November 28, 2011 at 9:22 pm
Please can anyone give some valuable inputs to sort out this issue...
December 1, 2011 at 5:53 am
Experts, please advise me on this issue...
December 1, 2011 at 6:02 am
MasterDB (11/28/2011)
I folks,One of my server is running slow. i ran profiler, with that i came to know DatabaseMail-DatabaseMail90-ID<2588>(Application name) and object name Sp_readrequest is taking more than 3 minutes of time.
can anyone suggest me how to fix this issue..
TIA...
Whenever you find this SP running, check what type of waits (i.e. wait_type & last_wait_type columns) it is facing in sys.dm_exec_requests. Post the same here also so that we can further investigate.
December 2, 2011 at 5:33 am
the wait_type and last_wait_type are BROKER_RECEIVE_WAITFOR
December 2, 2011 at 5:56 am
MasterDB (12/2/2011)
the wait_type and last_wait_type are BROKER_RECEIVE_WAITFOR
Then probably you need to adjust the DatabaseMail property 'Database Mail Executable Minimum Lifetime (seconds)" to some acceptable value as per your requirement.
Go through the below discussion on msdn & you will get the insight.
December 2, 2011 at 11:45 am
I don't know how much a waitfor command would really slow your system. Unless you see blocking with the waitfor SPID as the blocker, I would look somewhere else.
The database mail task you mention is really sitting there, doing not much anything other than waiting, for something. It's on the server here near all the time. It really is pointing out that you have database mail enabled.
Before you look to adjust anything for it, try looking in other areas.
The server running slow, check the server log for anything out of the blue (unless you don't recycle the logs normally and reading the log could hurt the system io). If nothing pointing to errors, check cpu, memory use, pagefile use, and other server level settings and disk io on all volumes if easily possible. A slow server can be MANY things. A waitfor type wait stat is really something that takes time but at that time, isn't really doing anything.

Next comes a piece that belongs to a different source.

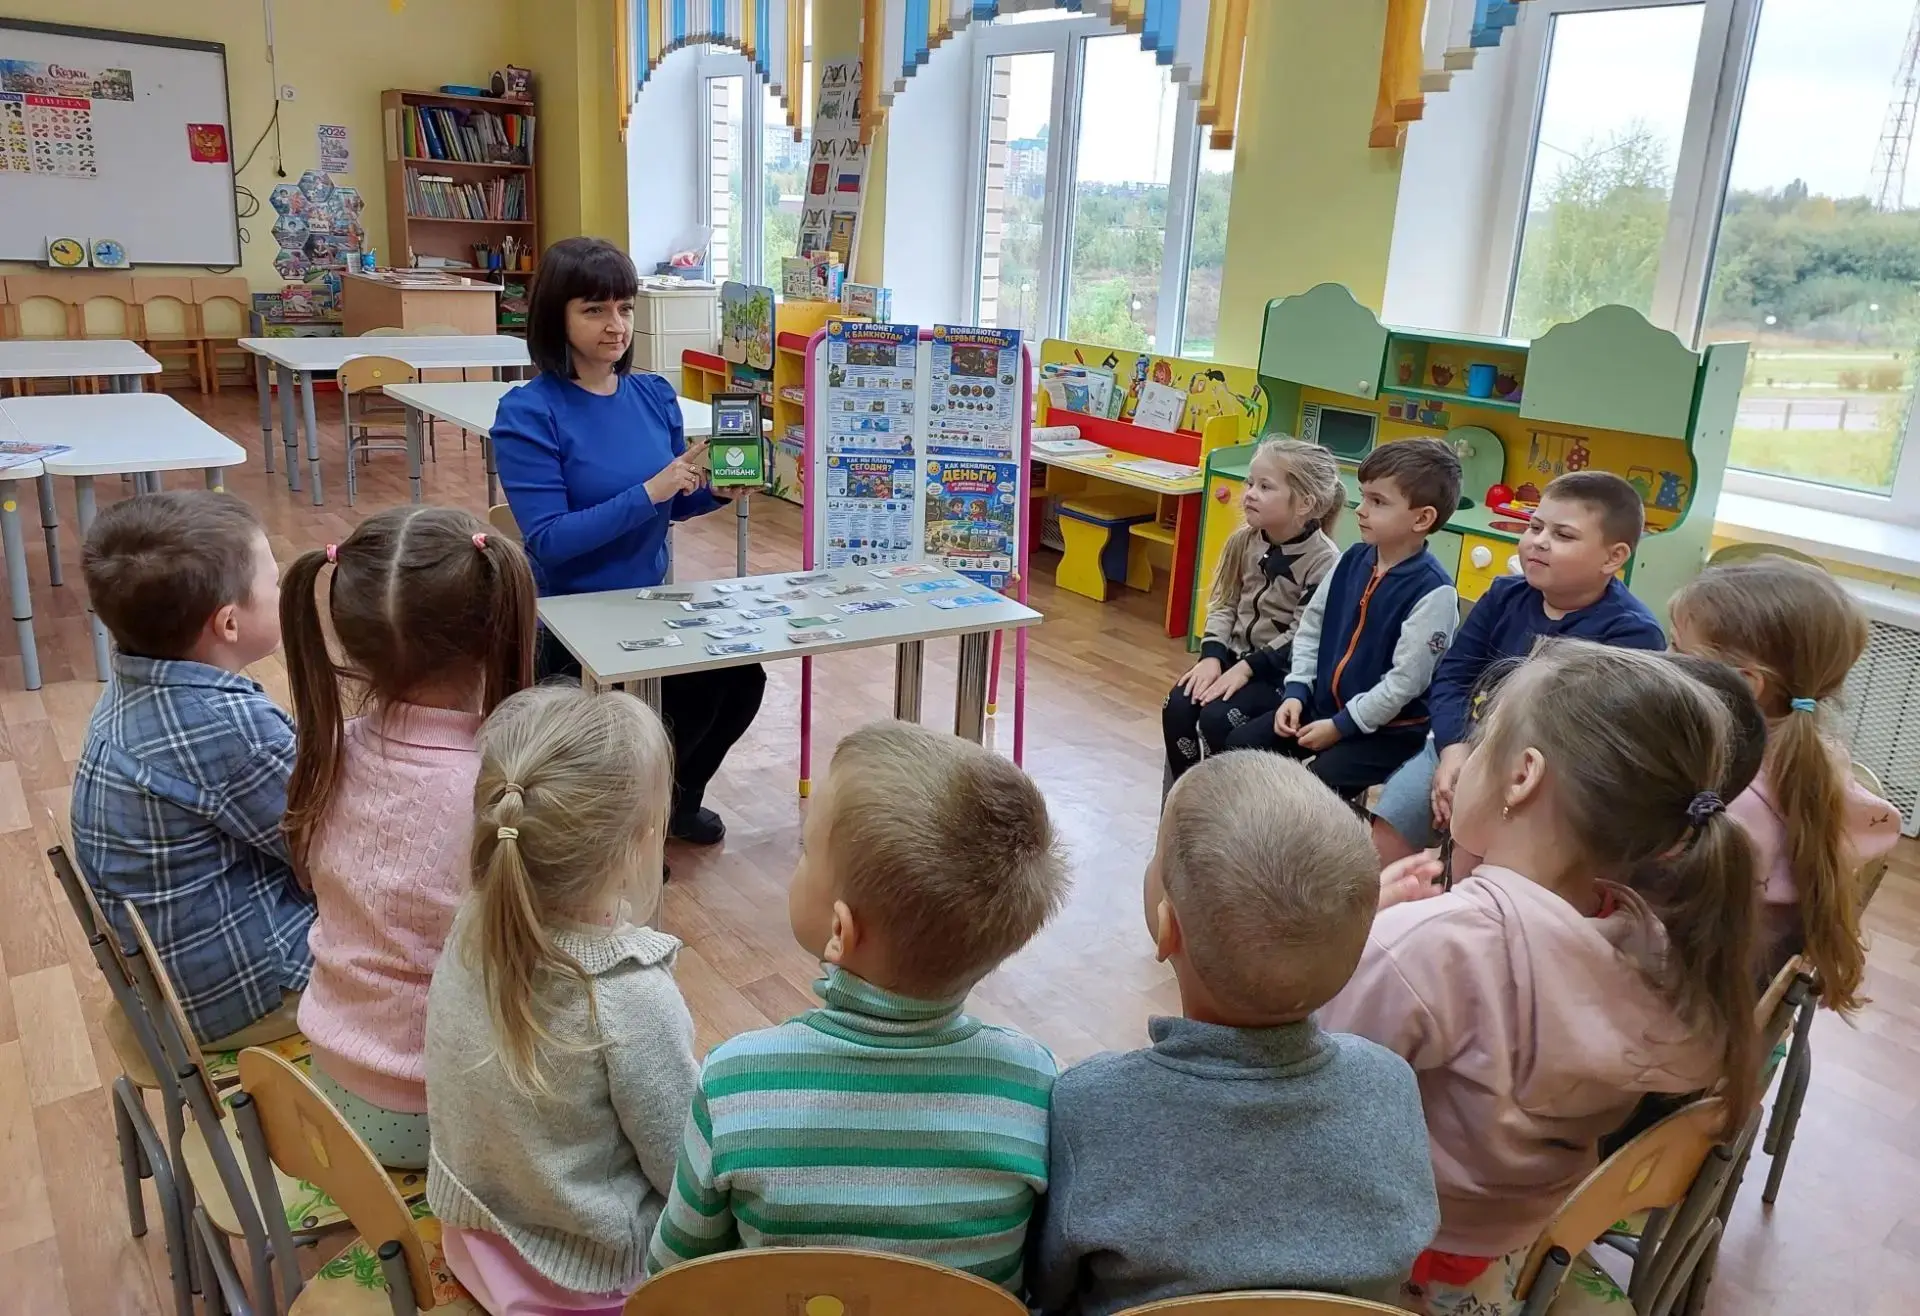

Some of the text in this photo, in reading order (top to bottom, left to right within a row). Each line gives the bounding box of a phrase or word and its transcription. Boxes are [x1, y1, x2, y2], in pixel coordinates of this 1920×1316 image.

December 2, 2011 at 11:52 am
Also... might want to check select * from sys.objects where modify_date > '' << where you put in the time things started going slow. It could be someone put new code out there that does not have the correct index. You might see indication of this in memory and disk use. One bad query could be hogging other things. However, if in profiler you did not catch another long running query I went past it for now. Really, anything changes in the server I like grabbing a quick view of what changed since the slow down myself to log it for record. It might also include recompiles due to invalidation of statistics, but still gives some view of what has changed.